• _Exercise requirements_
Only the pictures are to be left out; return the rest of the data exactly as it stands.

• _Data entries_
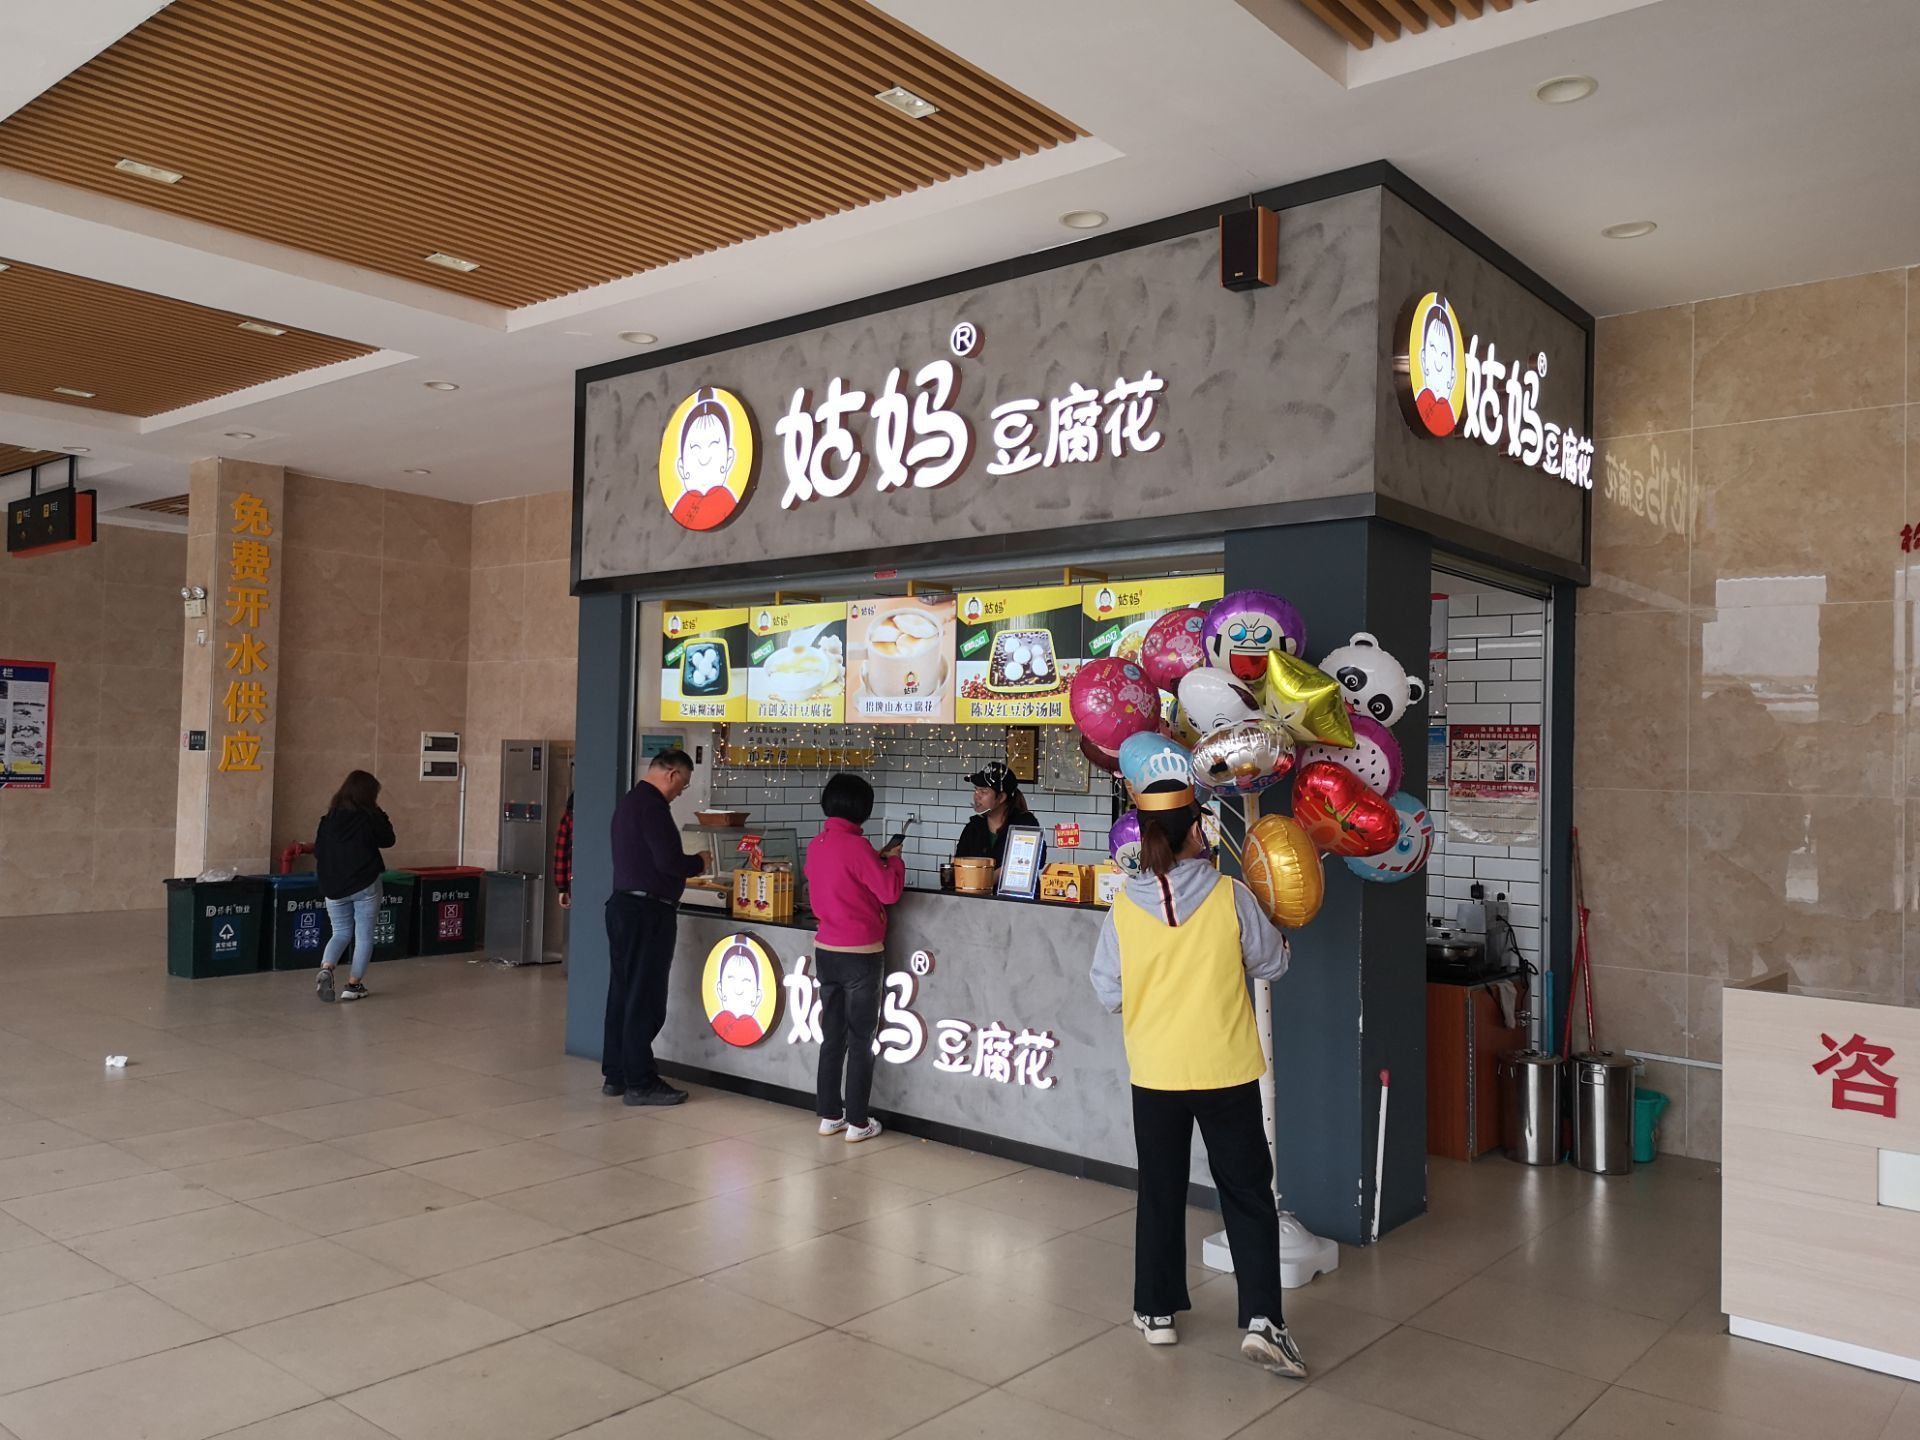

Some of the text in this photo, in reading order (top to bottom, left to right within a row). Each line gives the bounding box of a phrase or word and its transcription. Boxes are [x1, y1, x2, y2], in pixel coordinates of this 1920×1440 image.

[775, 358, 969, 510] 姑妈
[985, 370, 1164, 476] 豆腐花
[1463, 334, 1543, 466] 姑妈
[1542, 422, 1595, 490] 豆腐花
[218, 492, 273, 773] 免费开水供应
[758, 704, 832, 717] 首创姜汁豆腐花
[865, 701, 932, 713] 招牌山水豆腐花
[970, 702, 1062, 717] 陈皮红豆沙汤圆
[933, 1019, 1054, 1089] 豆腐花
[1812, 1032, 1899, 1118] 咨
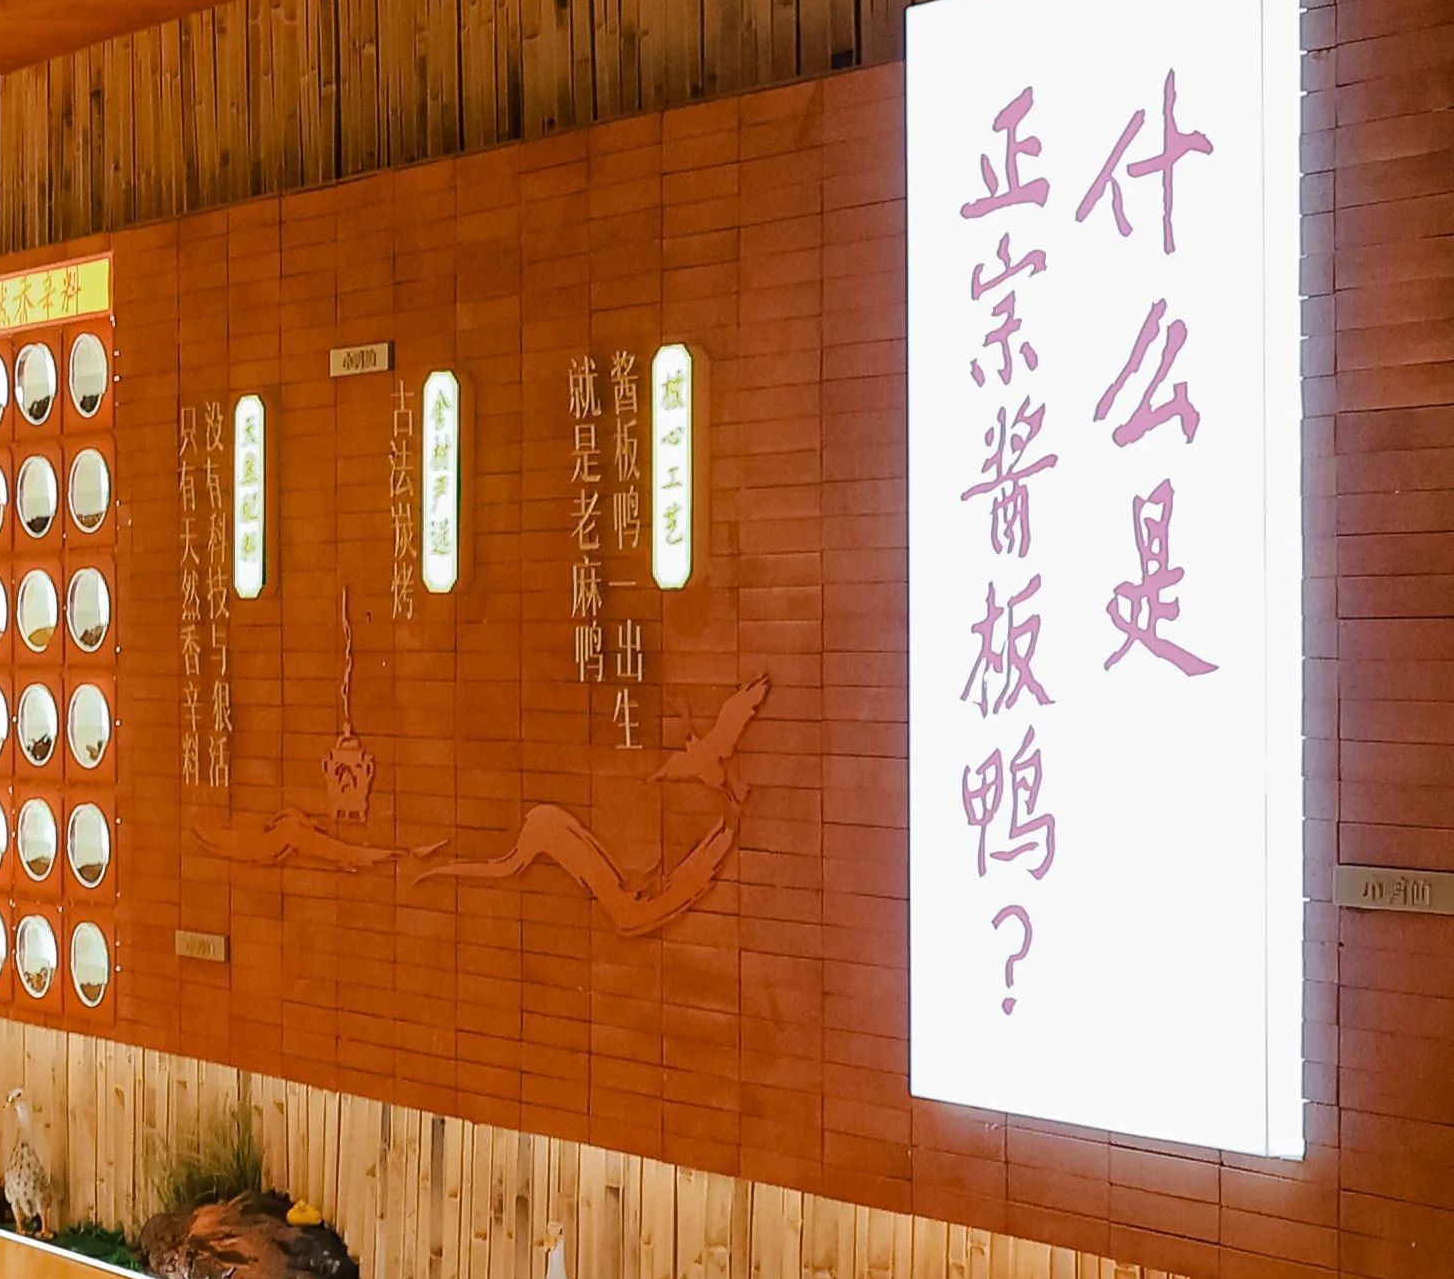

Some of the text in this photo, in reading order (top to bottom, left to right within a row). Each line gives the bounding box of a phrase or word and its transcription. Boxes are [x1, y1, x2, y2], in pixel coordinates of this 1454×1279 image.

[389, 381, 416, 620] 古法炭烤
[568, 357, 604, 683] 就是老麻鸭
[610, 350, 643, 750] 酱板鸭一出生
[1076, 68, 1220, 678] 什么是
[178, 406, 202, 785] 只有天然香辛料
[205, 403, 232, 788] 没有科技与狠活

• _Finished task_
Some of the text in this photo, in reading order (top to bottom, left to right within a row). Each line gives the bounding box of a phrase or word and its transcription. Boxes are [x1, y1, x2, y2], in pixel coordinates of this 1920×1440 image.

[775, 358, 969, 510] 姑妈
[985, 370, 1164, 476] 豆腐花
[1463, 334, 1543, 466] 姑妈
[1542, 422, 1595, 490] 豆腐花
[218, 492, 273, 773] 免费开水供应
[758, 704, 832, 717] 首创姜汁豆腐花
[865, 701, 932, 713] 招牌山水豆腐花
[970, 702, 1062, 717] 陈皮红豆沙汤圆
[933, 1019, 1054, 1089] 豆腐花
[1812, 1032, 1899, 1118] 咨

Some of the text in this photo, in reading order (top to bottom, left to right within a row). Each line gives the bounding box of a phrase or word and its transcription. Boxes are [x1, y1, x2, y2], in pixel coordinates of this 1454×1279 image.

[389, 381, 416, 620] 古法炭烤
[568, 357, 604, 683] 就是老麻鸭
[610, 350, 643, 750] 酱板鸭一出生
[1076, 68, 1220, 678] 什么是
[178, 406, 202, 785] 只有天然香辛料
[205, 403, 232, 788] 没有科技与狠活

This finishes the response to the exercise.